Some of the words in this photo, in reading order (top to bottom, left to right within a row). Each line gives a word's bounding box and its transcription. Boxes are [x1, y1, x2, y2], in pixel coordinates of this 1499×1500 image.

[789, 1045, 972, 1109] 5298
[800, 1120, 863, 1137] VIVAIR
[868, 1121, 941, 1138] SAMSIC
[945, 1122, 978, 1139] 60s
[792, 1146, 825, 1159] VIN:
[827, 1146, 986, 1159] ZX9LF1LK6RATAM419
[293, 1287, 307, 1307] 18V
- - -
→ Action item:
Give the material above again, word for word.

→ Answer section:
Some of the words in this photo, in reading order (top to bottom, left to right within a row). Each line gives a word's bounding box and its transcription. Boxes are [x1, y1, x2, y2], in pixel coordinates of this 1499×1500 image.

[789, 1045, 972, 1109] 5298
[800, 1120, 863, 1137] VIVAIR
[868, 1121, 941, 1138] SAMSIC
[945, 1122, 978, 1139] 60s
[792, 1146, 825, 1159] VIN:
[827, 1146, 986, 1159] ZX9LF1LK6RATAM419
[293, 1287, 307, 1307] 18V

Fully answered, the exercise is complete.